╭─ Information shown
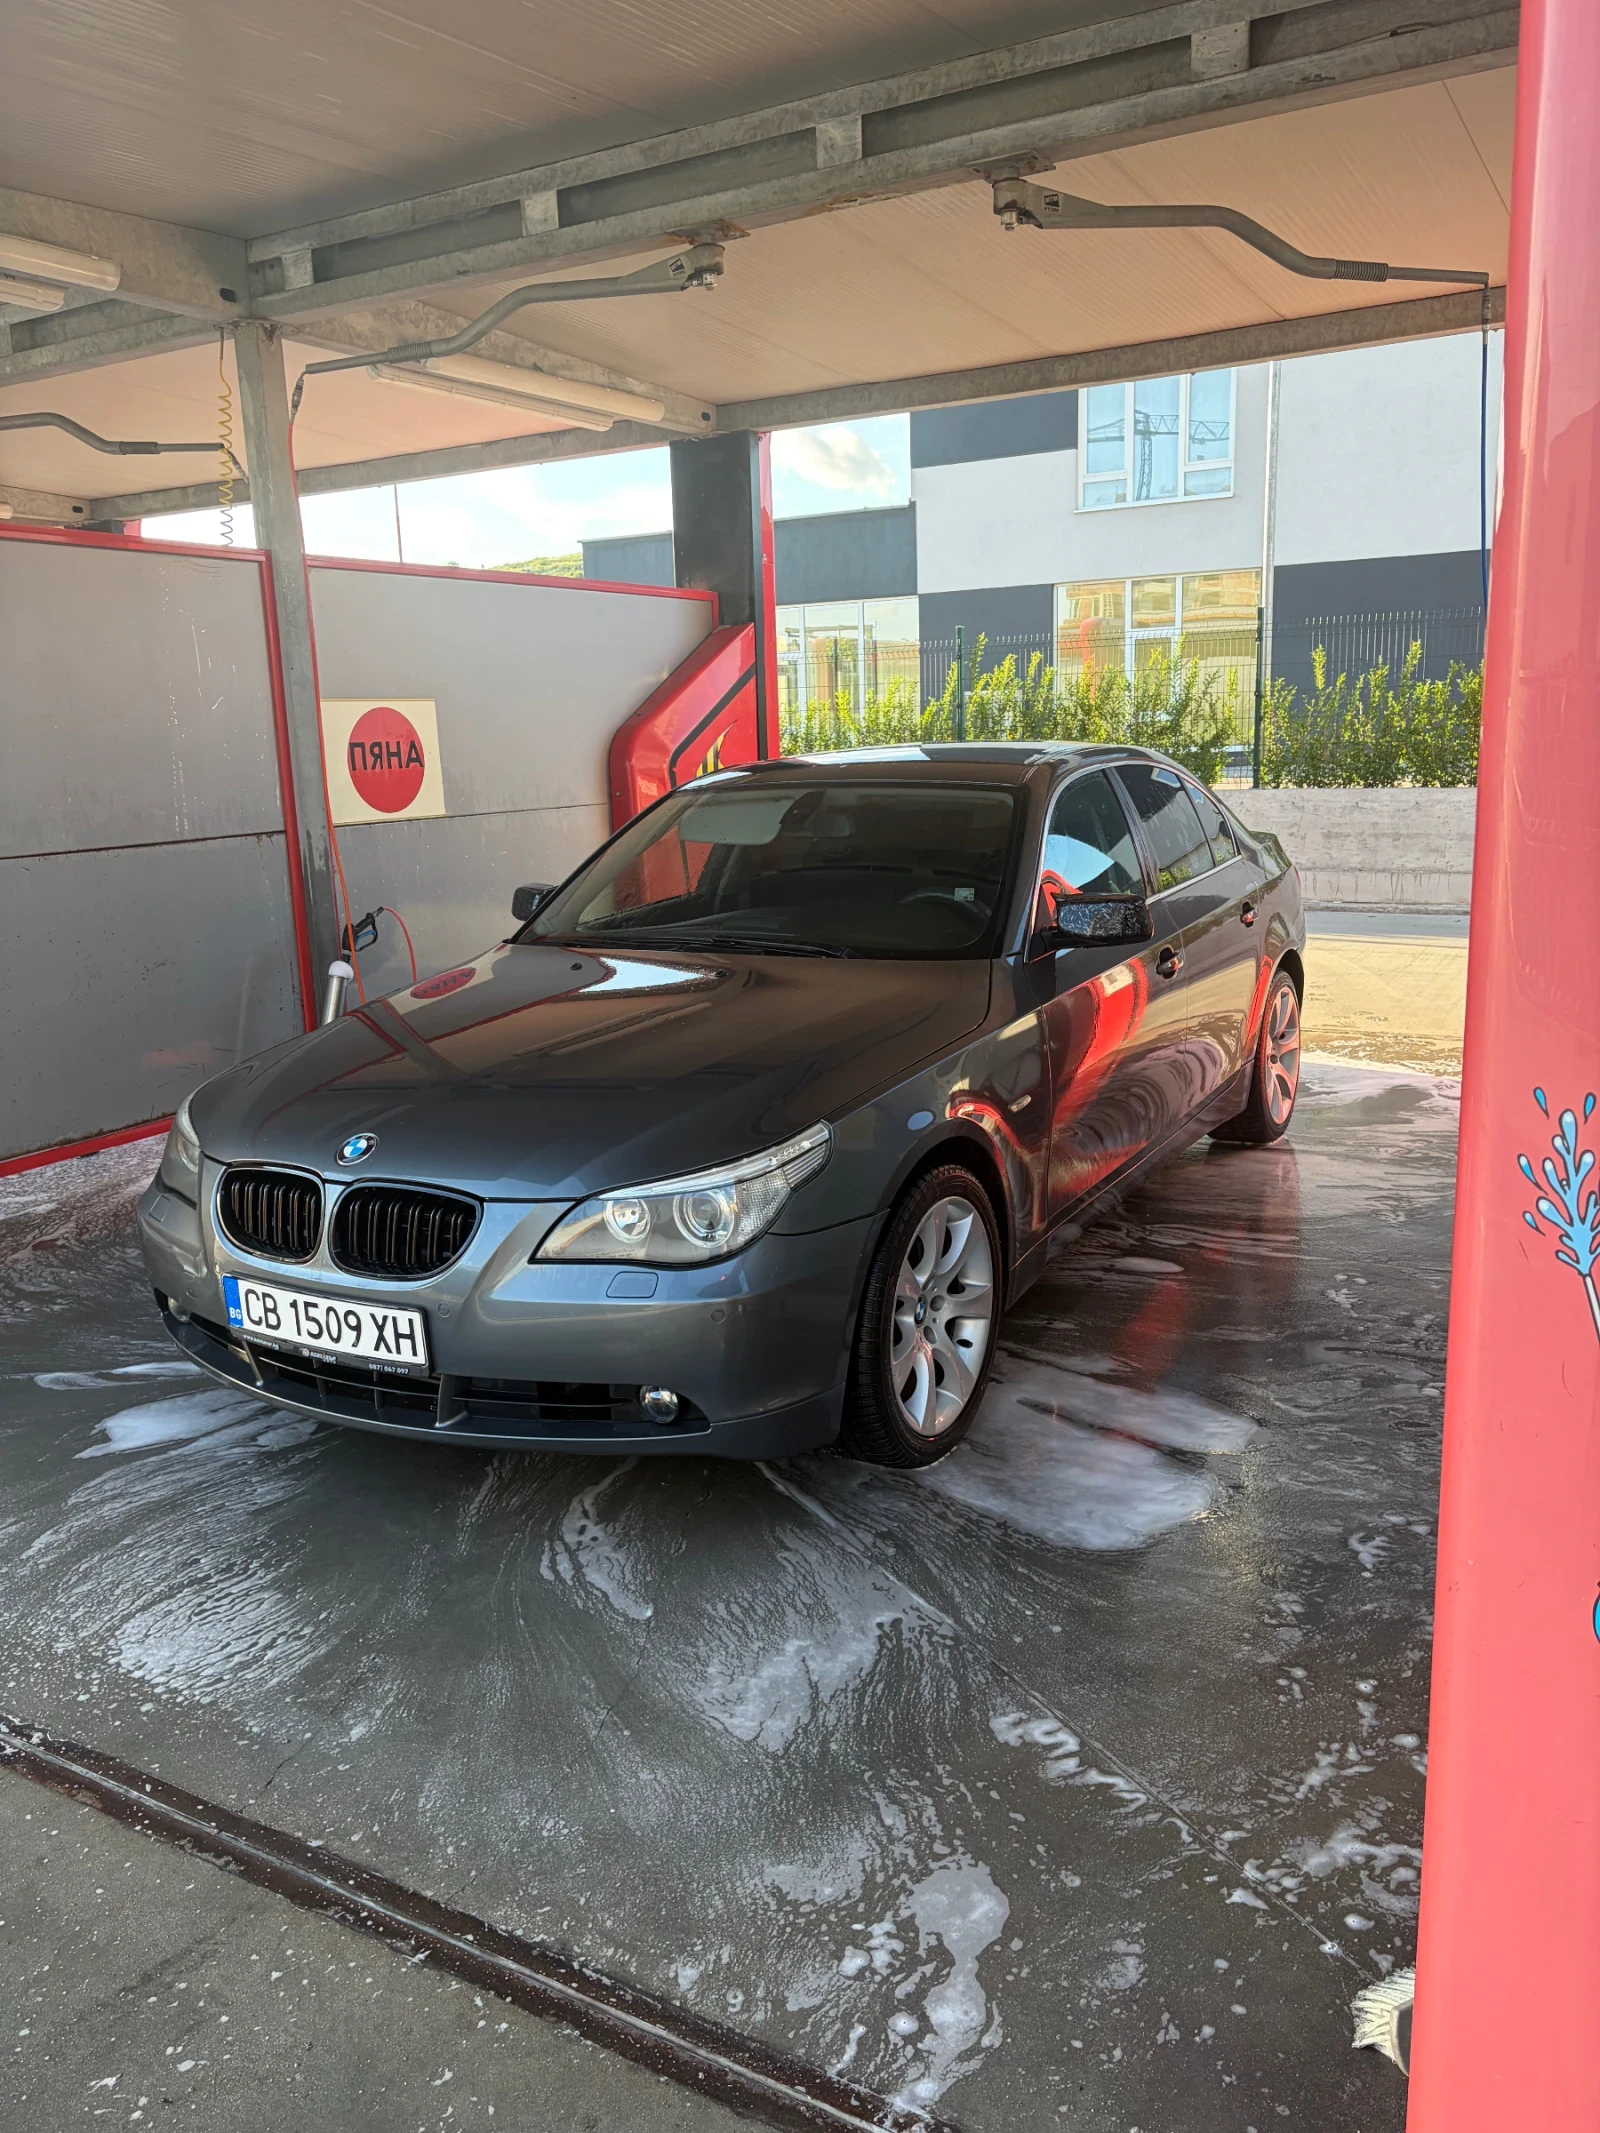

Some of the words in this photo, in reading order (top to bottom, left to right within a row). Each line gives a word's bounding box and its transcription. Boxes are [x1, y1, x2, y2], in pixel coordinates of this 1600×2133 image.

[348, 740, 424, 771] ПЯНА
[229, 1307, 242, 1320] BG
[244, 1288, 281, 1331] CB
[289, 1298, 362, 1348] 1509
[369, 1312, 418, 1357] XH
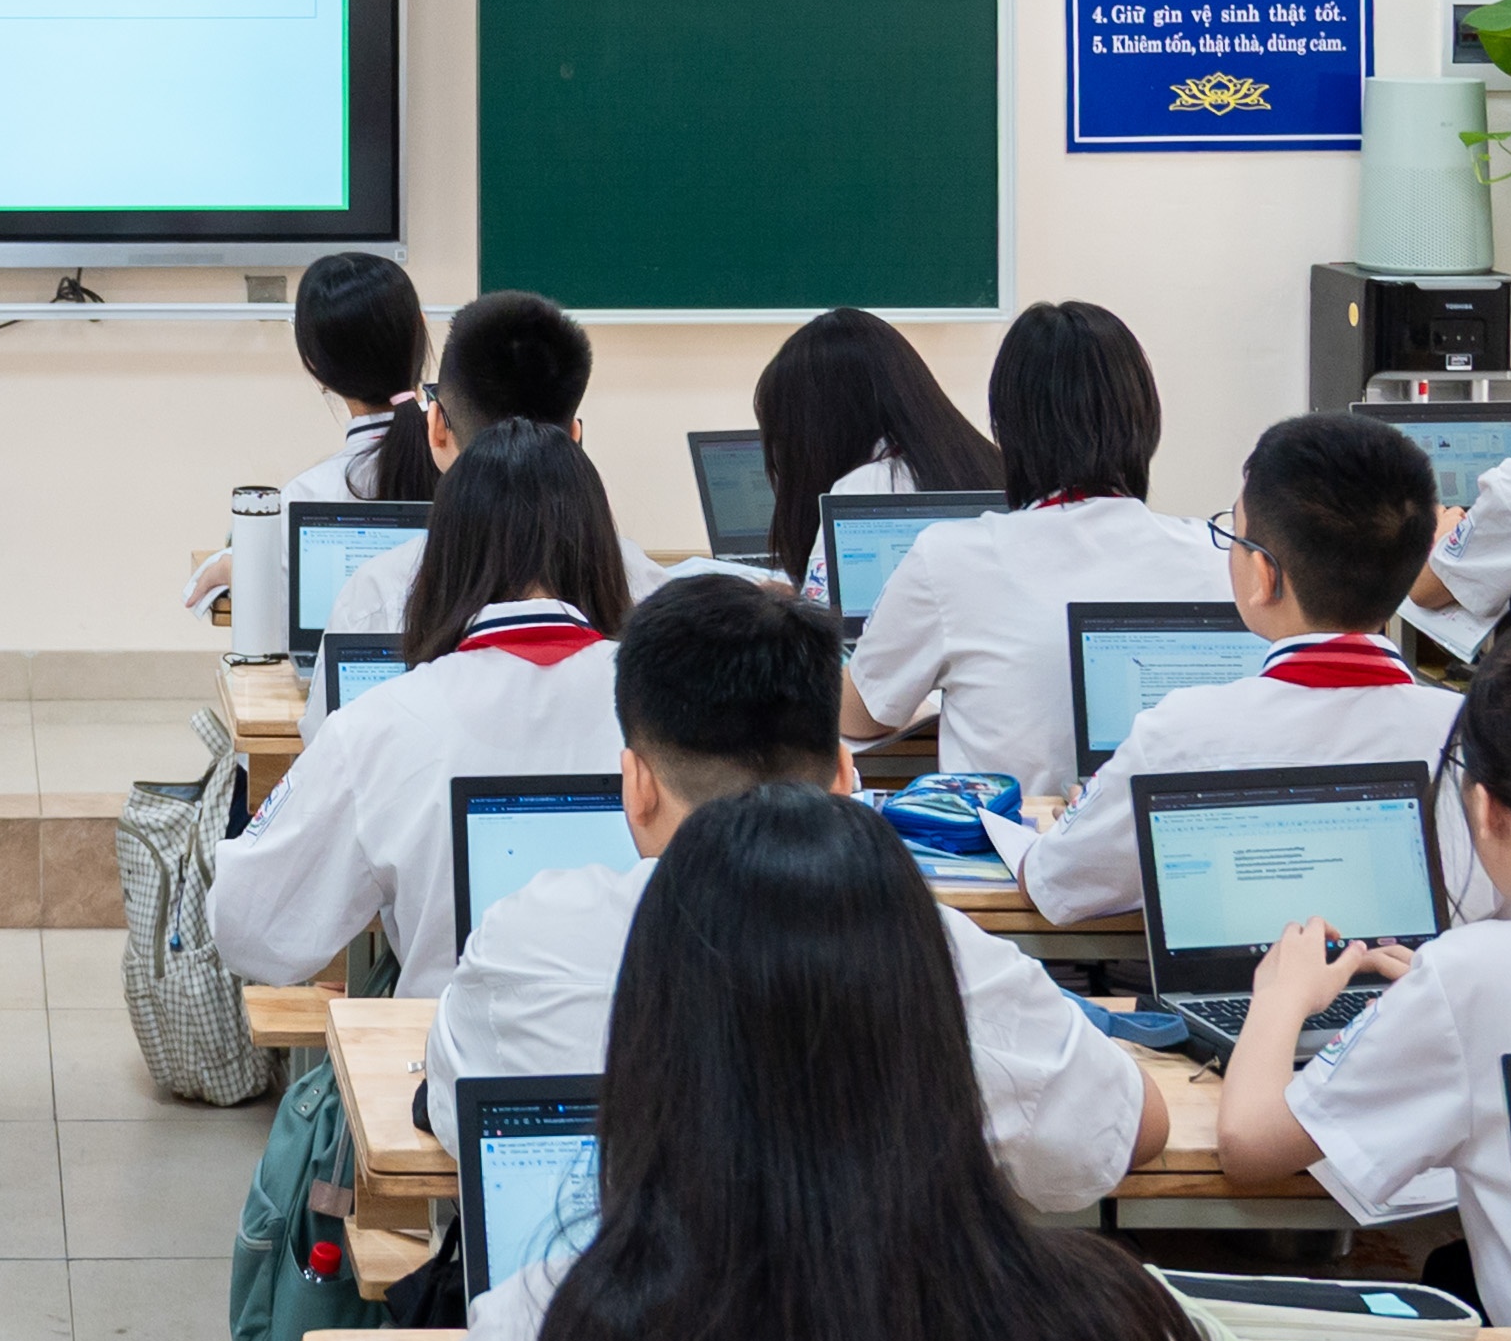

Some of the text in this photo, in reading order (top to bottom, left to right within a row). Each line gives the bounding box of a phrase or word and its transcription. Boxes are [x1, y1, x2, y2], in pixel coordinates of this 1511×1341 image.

[1092, 1, 1346, 27] 4. Giữ gìn vệ sinh thật tốt.
[1093, 32, 1346, 56] 5. Khiêm tốn, thật thà, dũng cảm.
╰─
▶ [How to complete this task] The copy must match every line of the data exactly and contain no pictures.

▶ [Response box]
Some of the words in this photo, in reading order (top to bottom, left to right within a row). Each line gives a word's bounding box and its transcription. Boxes are [x1, y1, x2, y2], in pixel coordinates of this 1600×2133 image.

[348, 740, 424, 771] ПЯНА
[229, 1307, 242, 1320] BG
[244, 1288, 281, 1331] CB
[289, 1298, 362, 1348] 1509
[369, 1312, 418, 1357] XH

Some of the text in this photo, in reading order (top to bottom, left to right within a row). Each line gives the bounding box of a phrase or word and its transcription. Boxes are [x1, y1, x2, y2], in pixel coordinates of this 1511×1341 image.

[1092, 1, 1346, 27] 4. Giữ gìn vệ sinh thật tốt.
[1093, 32, 1346, 56] 5. Khiêm tốn, thật thà, dũng cảm.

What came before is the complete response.